§ **Work to complete**
Would you transcribe the whole listing exactly and drop its images?

§ **Raw data**
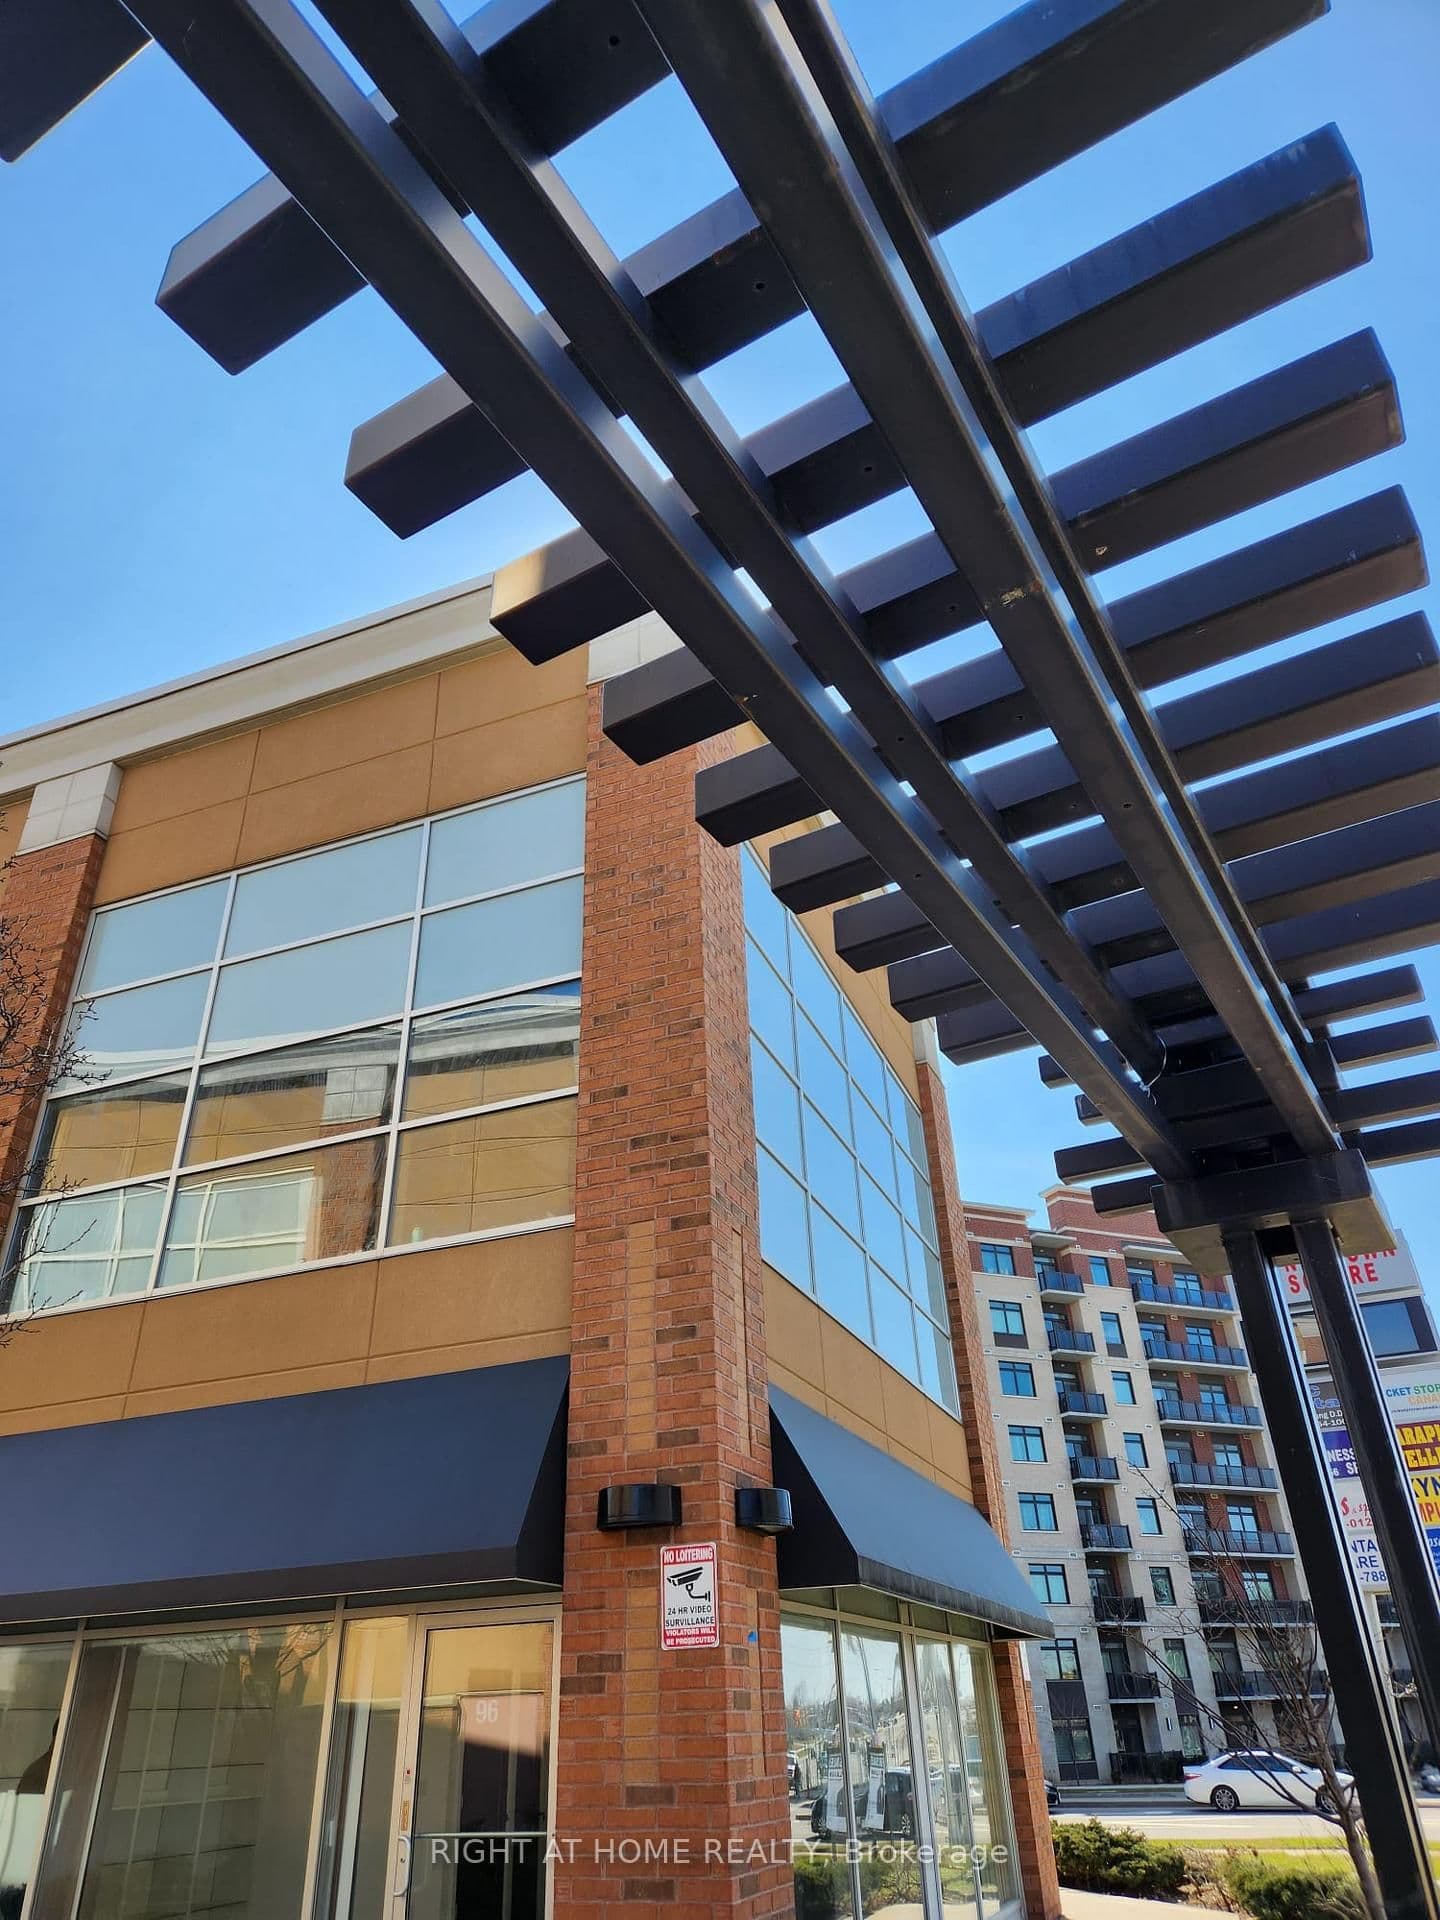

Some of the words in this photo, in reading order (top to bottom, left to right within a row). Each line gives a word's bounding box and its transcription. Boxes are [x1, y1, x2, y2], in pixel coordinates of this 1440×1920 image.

[663, 1550, 674, 1564] NO
[675, 1547, 713, 1562] LOITERING
[1356, 1555, 1379, 1569] RE
[667, 1607, 676, 1616] 24
[678, 1606, 688, 1615] HR
[690, 1604, 712, 1614] VIDEO
[665, 1628, 699, 1637] VIOLATORS
[700, 1627, 716, 1635] WILL
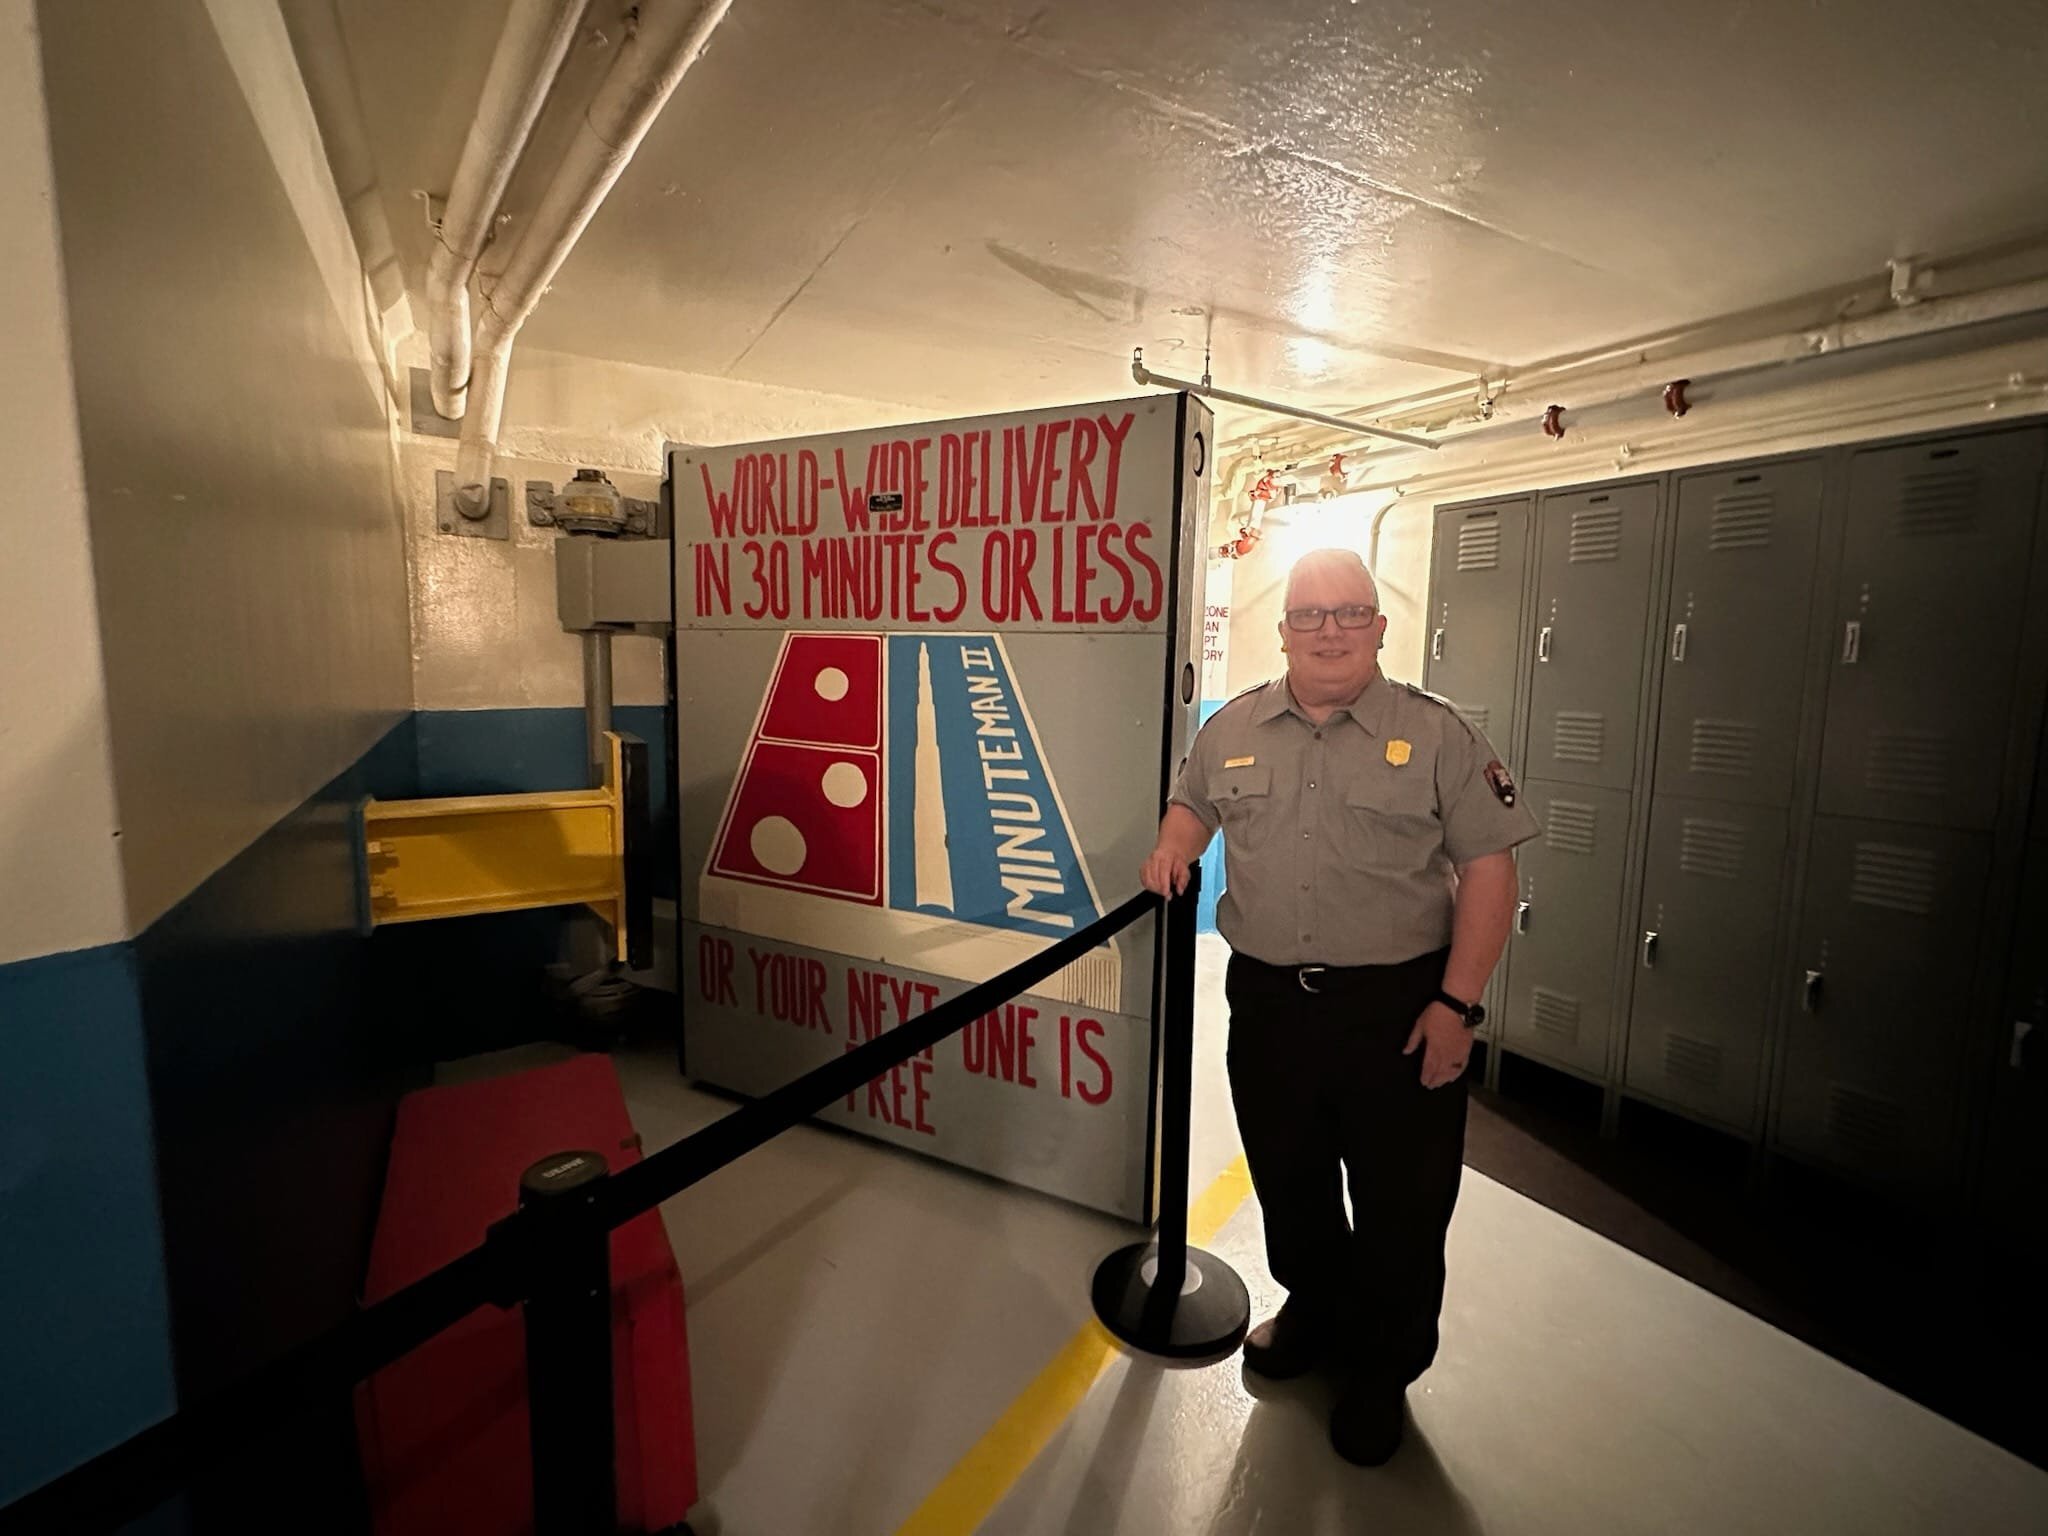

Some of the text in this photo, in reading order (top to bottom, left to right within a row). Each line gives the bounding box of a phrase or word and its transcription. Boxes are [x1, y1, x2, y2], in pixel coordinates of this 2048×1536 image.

[700, 412, 1136, 538] WORLD-WIDE DELIVERY
[695, 522, 1164, 624] IN 30 MINUTES OR LESS
[960, 645, 1075, 928] MINUTEMAN II
[700, 934, 738, 1008] OR
[748, 946, 833, 1034] YOUR
[1060, 1016, 1112, 1106] IS

§ **Answer to the problem**
Some of the words in this photo, in reading order (top to bottom, left to right within a row). Each line gives a word's bounding box and its transcription. Boxes are [x1, y1, x2, y2], in pixel coordinates of this 1440×1920 image.

[663, 1550, 674, 1564] NO
[675, 1547, 713, 1562] LOITERING
[1356, 1555, 1379, 1569] RE
[667, 1607, 676, 1616] 24
[678, 1606, 688, 1615] HR
[690, 1604, 712, 1614] VIDEO
[665, 1628, 699, 1637] VIOLATORS
[700, 1627, 716, 1635] WILL

Some of the text in this photo, in reading order (top to bottom, left to right within a row). Each line gives the bounding box of a phrase or word and its transcription. Boxes are [x1, y1, x2, y2], in pixel coordinates of this 2048×1536 image.

[700, 412, 1136, 538] WORLD-WIDE DELIVERY
[695, 522, 1164, 624] IN 30 MINUTES OR LESS
[960, 645, 1075, 928] MINUTEMAN II
[700, 934, 738, 1008] OR
[748, 946, 833, 1034] YOUR
[1060, 1016, 1112, 1106] IS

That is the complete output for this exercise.